[Stored data entries]

------------------------------

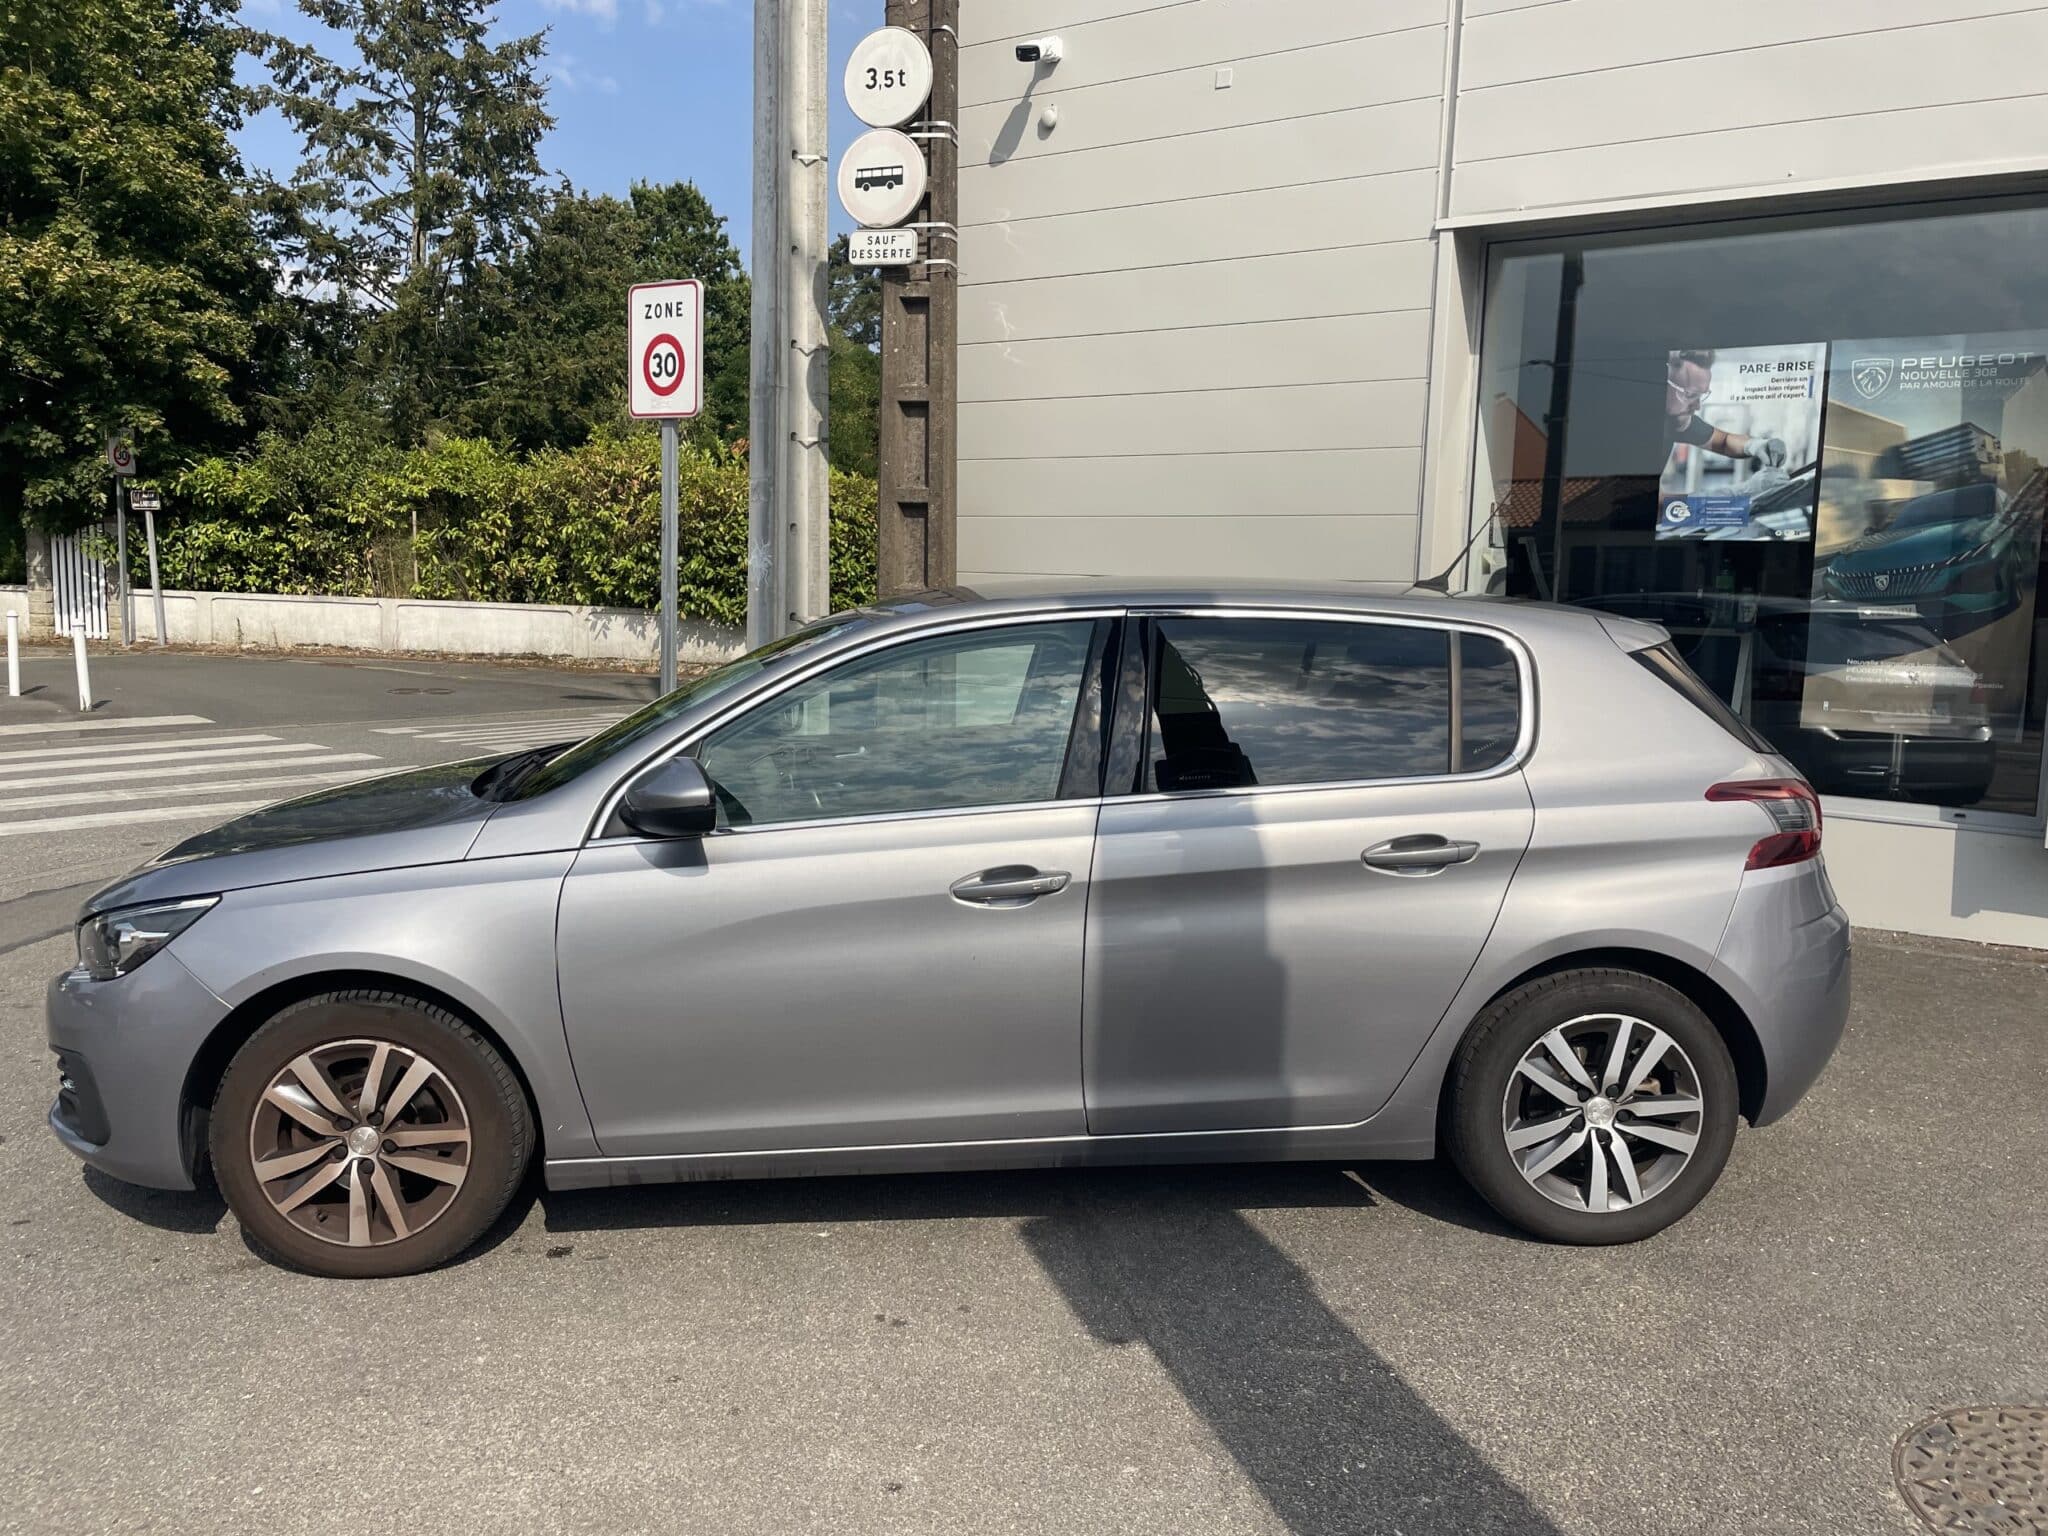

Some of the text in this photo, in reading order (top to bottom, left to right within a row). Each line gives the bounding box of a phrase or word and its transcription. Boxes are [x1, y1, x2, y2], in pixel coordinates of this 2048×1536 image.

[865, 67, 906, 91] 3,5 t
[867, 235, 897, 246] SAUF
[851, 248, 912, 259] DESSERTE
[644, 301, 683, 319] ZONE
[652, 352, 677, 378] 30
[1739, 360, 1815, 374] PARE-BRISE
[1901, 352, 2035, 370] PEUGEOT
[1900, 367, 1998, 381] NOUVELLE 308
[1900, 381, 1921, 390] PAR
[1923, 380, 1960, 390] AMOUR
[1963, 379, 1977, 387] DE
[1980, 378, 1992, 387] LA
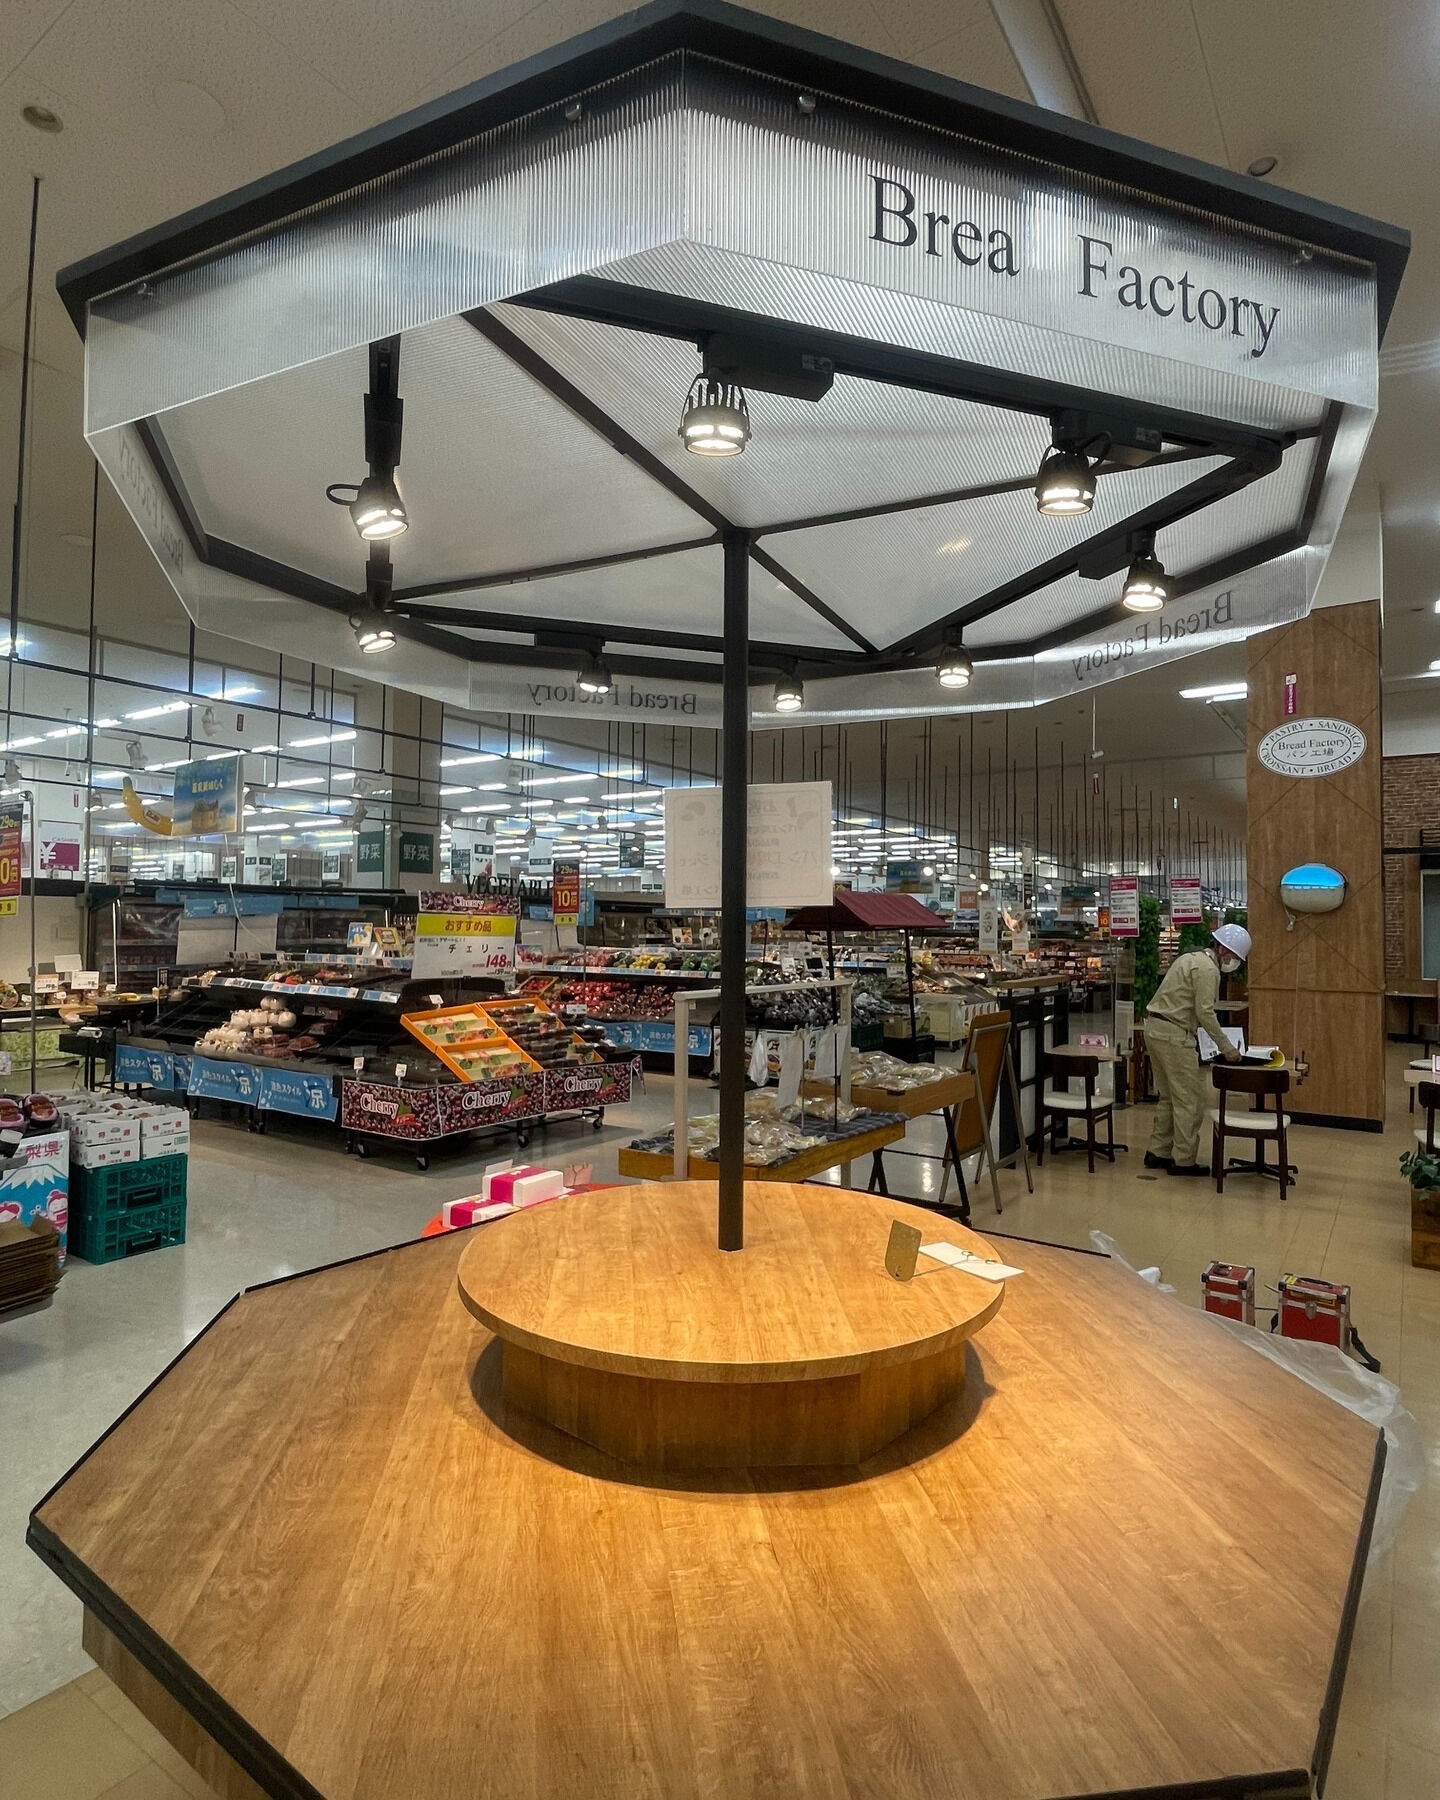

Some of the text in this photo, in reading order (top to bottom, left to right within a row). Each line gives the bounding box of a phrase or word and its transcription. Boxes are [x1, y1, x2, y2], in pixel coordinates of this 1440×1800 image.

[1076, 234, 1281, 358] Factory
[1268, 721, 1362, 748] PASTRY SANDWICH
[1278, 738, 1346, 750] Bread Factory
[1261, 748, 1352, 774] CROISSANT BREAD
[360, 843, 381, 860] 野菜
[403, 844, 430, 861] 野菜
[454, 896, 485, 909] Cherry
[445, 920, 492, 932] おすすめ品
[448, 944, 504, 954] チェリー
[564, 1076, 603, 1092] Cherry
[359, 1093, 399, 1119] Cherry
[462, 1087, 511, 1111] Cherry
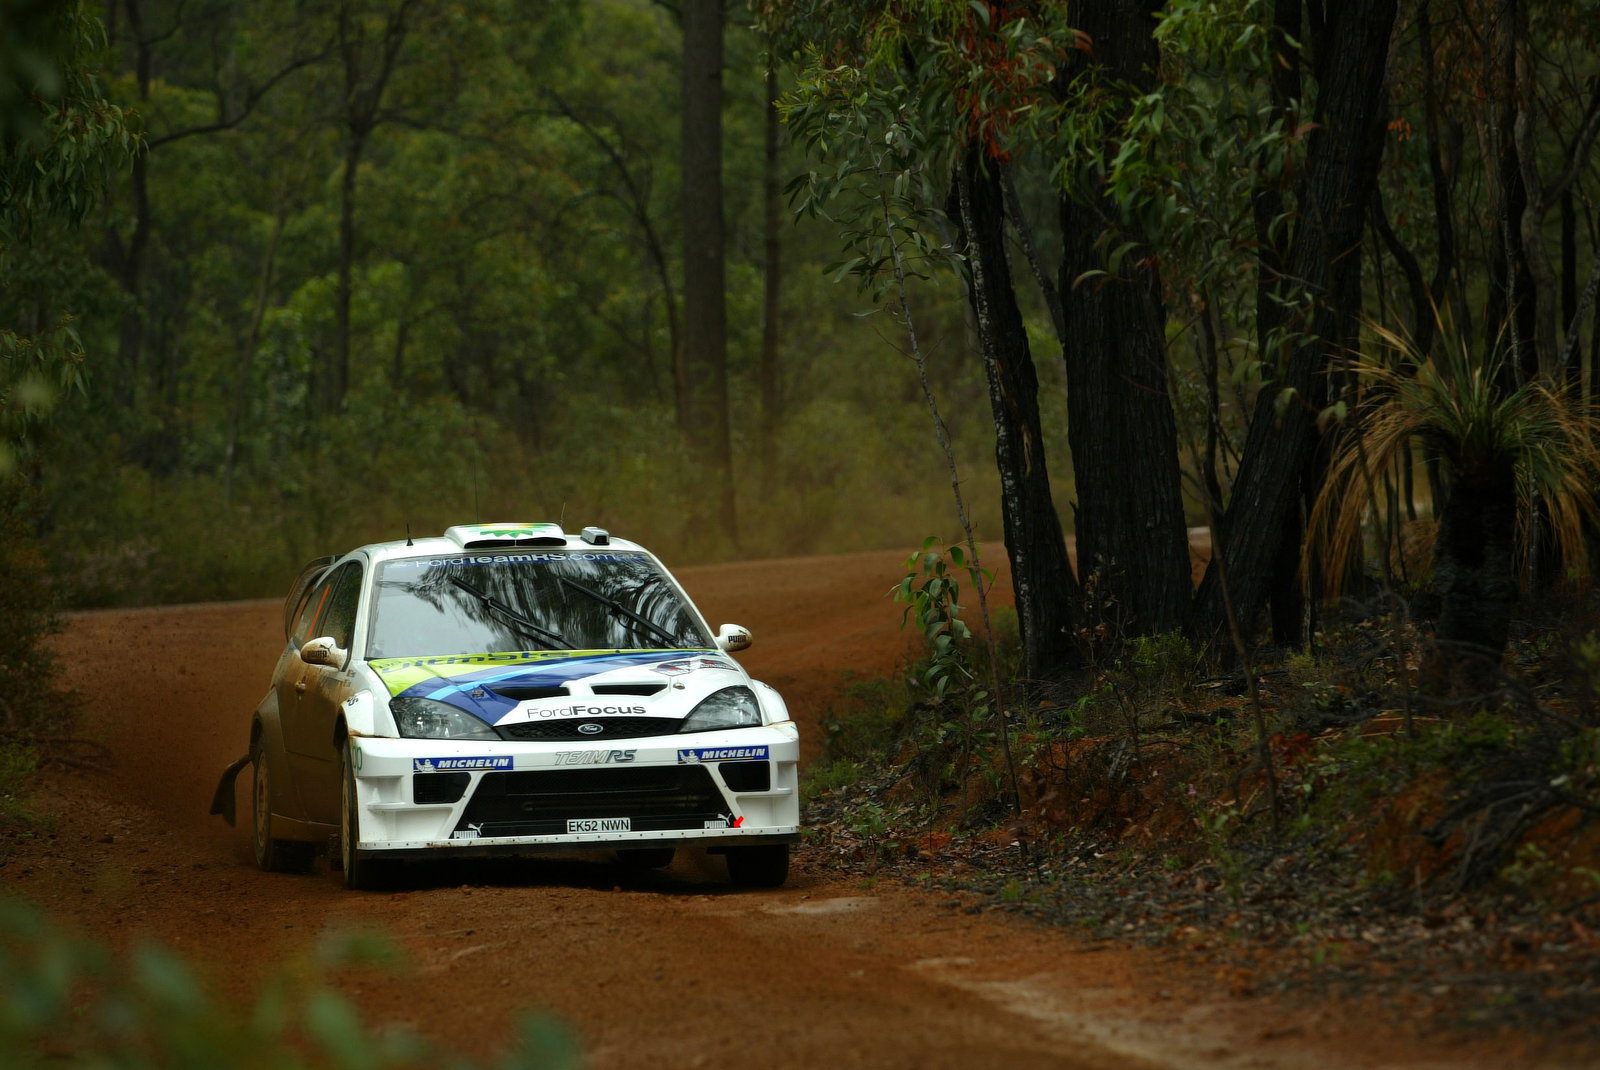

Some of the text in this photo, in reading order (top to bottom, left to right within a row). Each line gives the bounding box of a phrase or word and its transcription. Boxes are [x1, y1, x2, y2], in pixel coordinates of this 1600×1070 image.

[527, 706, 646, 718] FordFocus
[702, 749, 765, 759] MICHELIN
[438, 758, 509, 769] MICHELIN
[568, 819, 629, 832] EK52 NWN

------------------------------

§ **TRY IT**:
Return the records above exactly as written, but without any of the pictures.

§ **FINISHED EXERCISE**:
Some of the text in this photo, in reading order (top to bottom, left to right within a row). Each line gives the bounding box of a phrase or word and its transcription. Boxes are [x1, y1, x2, y2], in pixel coordinates of this 2048×1536 image.

[865, 67, 906, 91] 3,5 t
[867, 235, 897, 246] SAUF
[851, 248, 912, 259] DESSERTE
[644, 301, 683, 319] ZONE
[652, 352, 677, 378] 30
[1739, 360, 1815, 374] PARE-BRISE
[1901, 352, 2035, 370] PEUGEOT
[1900, 367, 1998, 381] NOUVELLE 308
[1900, 381, 1921, 390] PAR
[1923, 380, 1960, 390] AMOUR
[1963, 379, 1977, 387] DE
[1980, 378, 1992, 387] LA

Some of the text in this photo, in reading order (top to bottom, left to right within a row). Each line gives the bounding box of a phrase or word and its transcription. Boxes are [x1, y1, x2, y2], in pixel coordinates of this 1440×1800 image.

[1076, 234, 1281, 358] Factory
[1268, 721, 1362, 748] PASTRY SANDWICH
[1278, 738, 1346, 750] Bread Factory
[1261, 748, 1352, 774] CROISSANT BREAD
[360, 843, 381, 860] 野菜
[403, 844, 430, 861] 野菜
[454, 896, 485, 909] Cherry
[445, 920, 492, 932] おすすめ品
[448, 944, 504, 954] チェリー
[564, 1076, 603, 1092] Cherry
[359, 1093, 399, 1119] Cherry
[462, 1087, 511, 1111] Cherry

Some of the text in this photo, in reading order (top to bottom, left to right within a row). Each line gives the bounding box of a phrase or word and its transcription. Boxes are [x1, y1, x2, y2], in pixel coordinates of this 1600×1070 image.

[527, 706, 646, 718] FordFocus
[702, 749, 765, 759] MICHELIN
[438, 758, 509, 769] MICHELIN
[568, 819, 629, 832] EK52 NWN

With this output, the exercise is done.